歴史と概要
ブルゴーニュの西とスイス国境の東に挟まれたジュラは、フランスで最も小さく最も独自性の強いワイン産地のひとつです。約2,000ヘクタールのブドウ畑から、他のどこにも存在しないワインが生まれます:6年以上酵母の膜の下で熟成されるヴァン・ジョーヌ、蜂蜜のような甘口ヴァン・ド・パイユ、そして固有品種のサヴァニャン、プルサール、トゥルソー。ワイン造りの歴史はローマ時代まで遡り、ルイ・パスツールは故郷アルボワのワインを用いて発酵の先駆的研究を行いました。フィロキセラにより19世紀の約2万ヘクタールが1,500ヘクタールまで激減しましたが、2000年代以降ナチュラルワイン運動とカリスマ生産者によって復活を遂げています。
テロワールとブドウ品種
畑はジュラ山脈西斜面の狭い帯状に標高250〜400メートルで広がり、ジュラ紀の石灰岩、青色泥灰岩、赤色泥灰岩が複雑に重なります。青色泥灰岩は冷涼で粘土質が多く、サヴァニャンに塩味を帯びたミネラル感を与えます。赤色泥灰岩は温暖で水はけがよく、プルサールとトゥルソーに適します。気候はブルゴーニュより寒い大陸性。サヴァニャン(栽培面積の15%)は酸化的スタイルではクルミやカレーの香り、ウイエ(補液)スタイルでは青リンゴや柑橘の爽やかさ。シャルドネが最大の45%。プルサールは極めて淡い色のデリケートな赤。トゥルソーは希少でタンニンがしっかりした赤です。
ヴァン・ジョーヌとその他のスタイル
ヴァン・ジョーヌはフランスで最もユニークなワインです。完全に発酵したサヴァニャンを228リットル樽に満杯にせず移し、表面に自然発生する酵母の膜=ヴォワールが酸化から保護しながらゆっくりと変容させます。最低6年3ヶ月の熟成中に体積の約40%が蒸発。クルミ、サフラン、蜜蝋、鮮烈なミネラル感が特徴で、独特のクラヴラン(62cl)瓶に詰められます。シャトー・シャロンはヴァン・ジョーヌ専用の最高格アペラシオン。ヴァン・ド・パイユは乾燥させたブドウから造る甘口ワイン。
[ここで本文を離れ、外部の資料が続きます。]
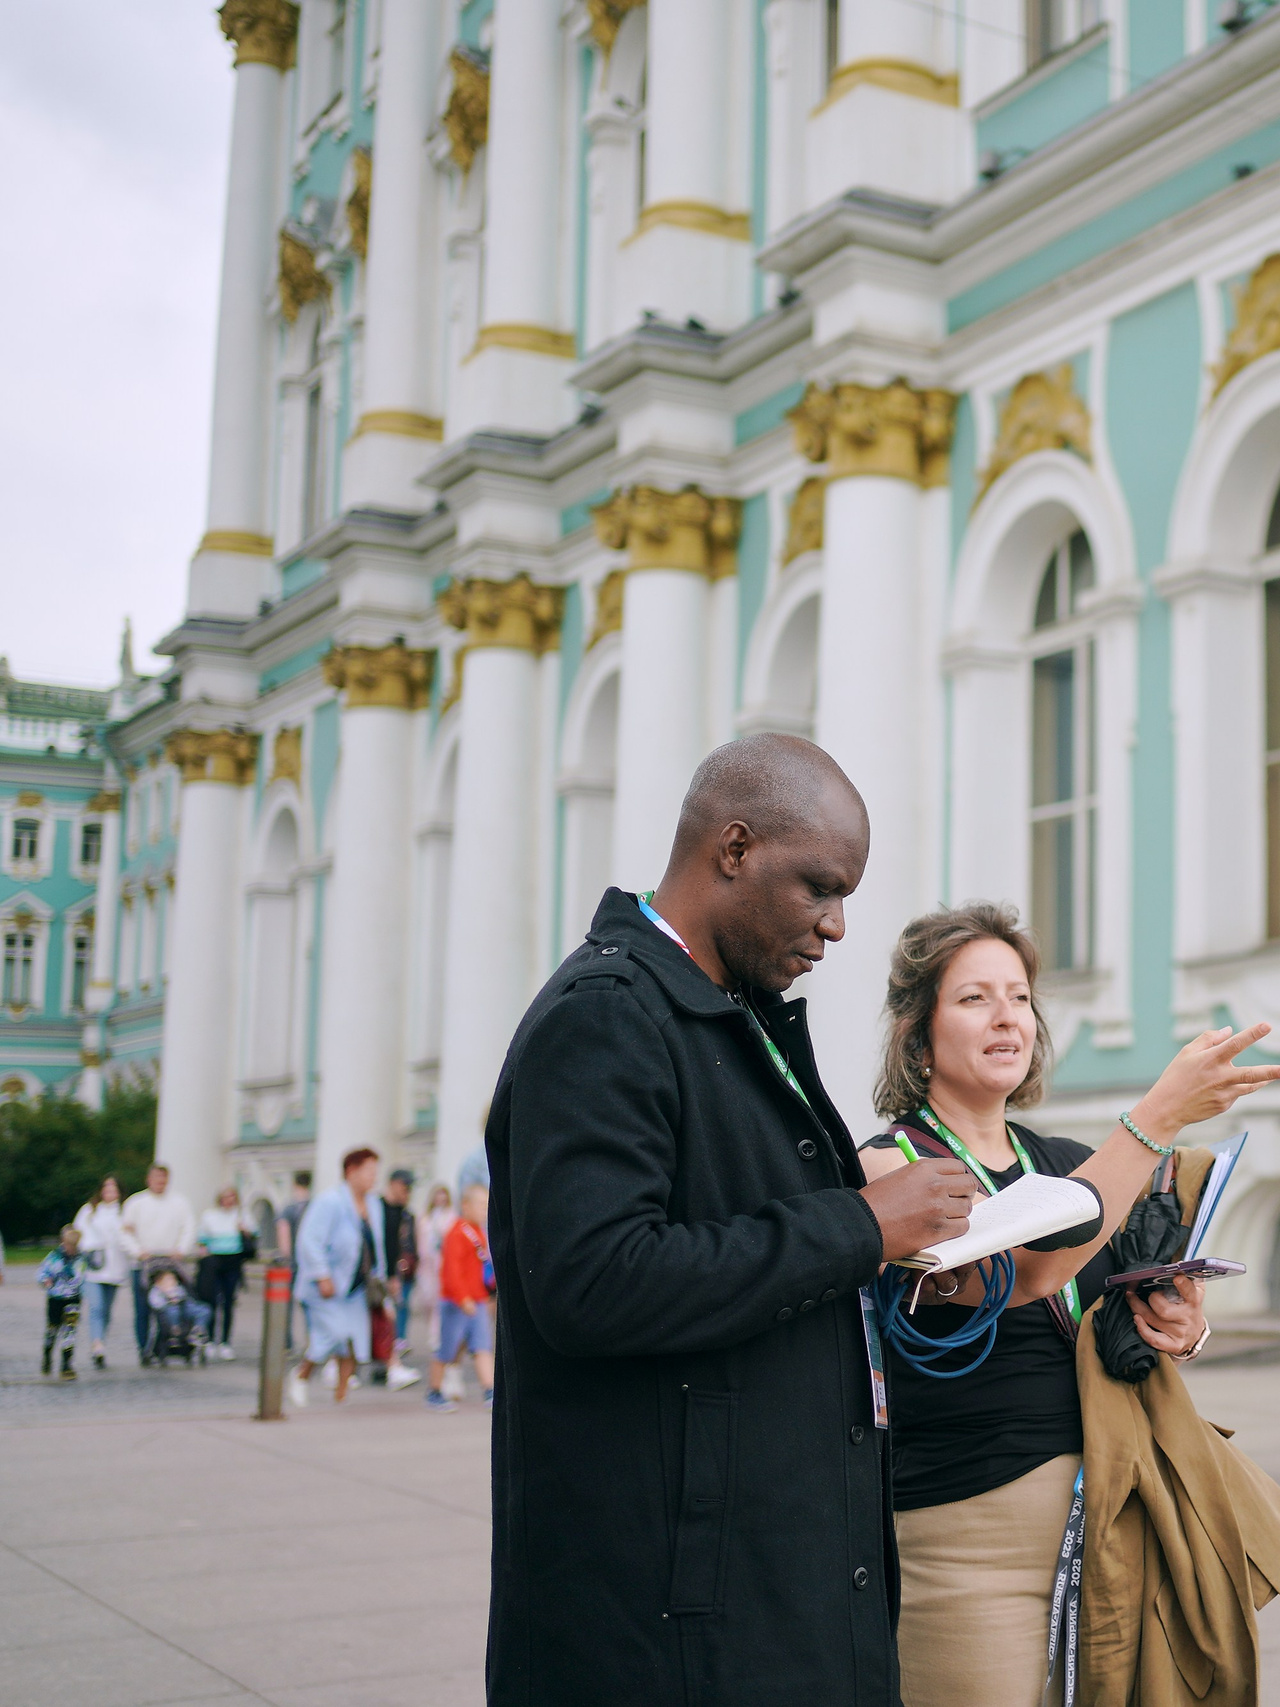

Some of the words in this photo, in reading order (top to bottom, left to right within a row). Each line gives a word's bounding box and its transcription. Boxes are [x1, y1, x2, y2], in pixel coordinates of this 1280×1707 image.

[946, 1136, 962, 1151] 2023
[1062, 1530, 1075, 1558] 2023
[1071, 1558, 1081, 1586] 2023
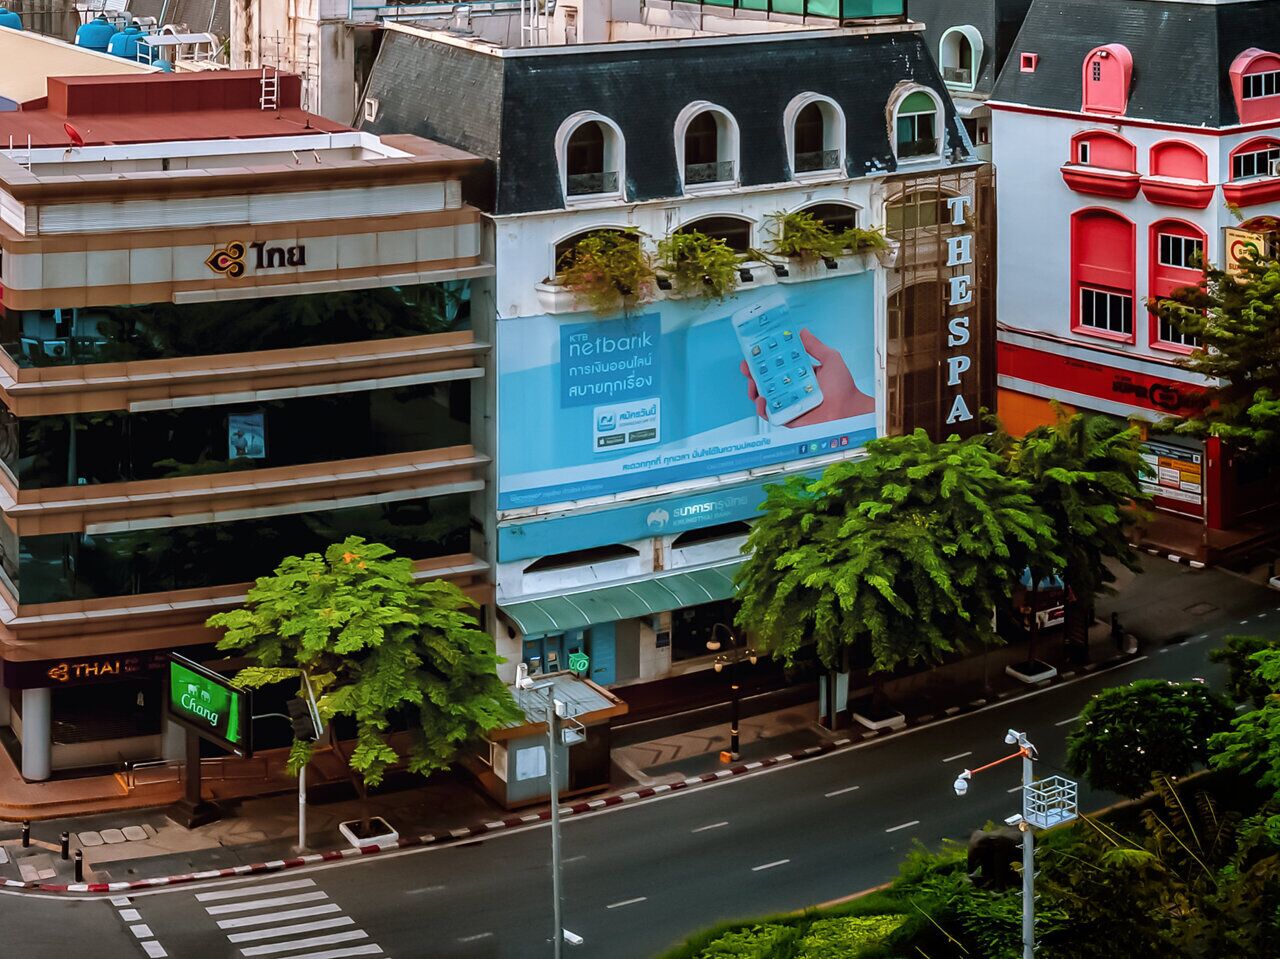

クレマン・デュ・ジュラはシャルドネ主体の高品質スパークリングです。
ナチュラルワインと食との相性
ジュラはナチュラルワイン運動の精神的故郷です。ピエール・オヴェルノワは1980年代にピュピヤンで亜硫酸無添加のワイン造りを始めました。ステファン・ティソは50ヘクタールをビオディナミで管理し、ジャン=フランソワ・ガヌヴァはフランスで最も称賛される醸造家のひとりです。至高のペアリングはヴァン・ジョーヌと熟成コンテチーズ。名物料理はヴァン・ジョーヌとモリーユ茸のクリームソースで煮た鶏。プルサールはシャルキュトリーに、トゥルソーは煮込み肉やジビエに、ヴァン・ド・パイユはクルミのタルトやブルーチーズに寄り添います。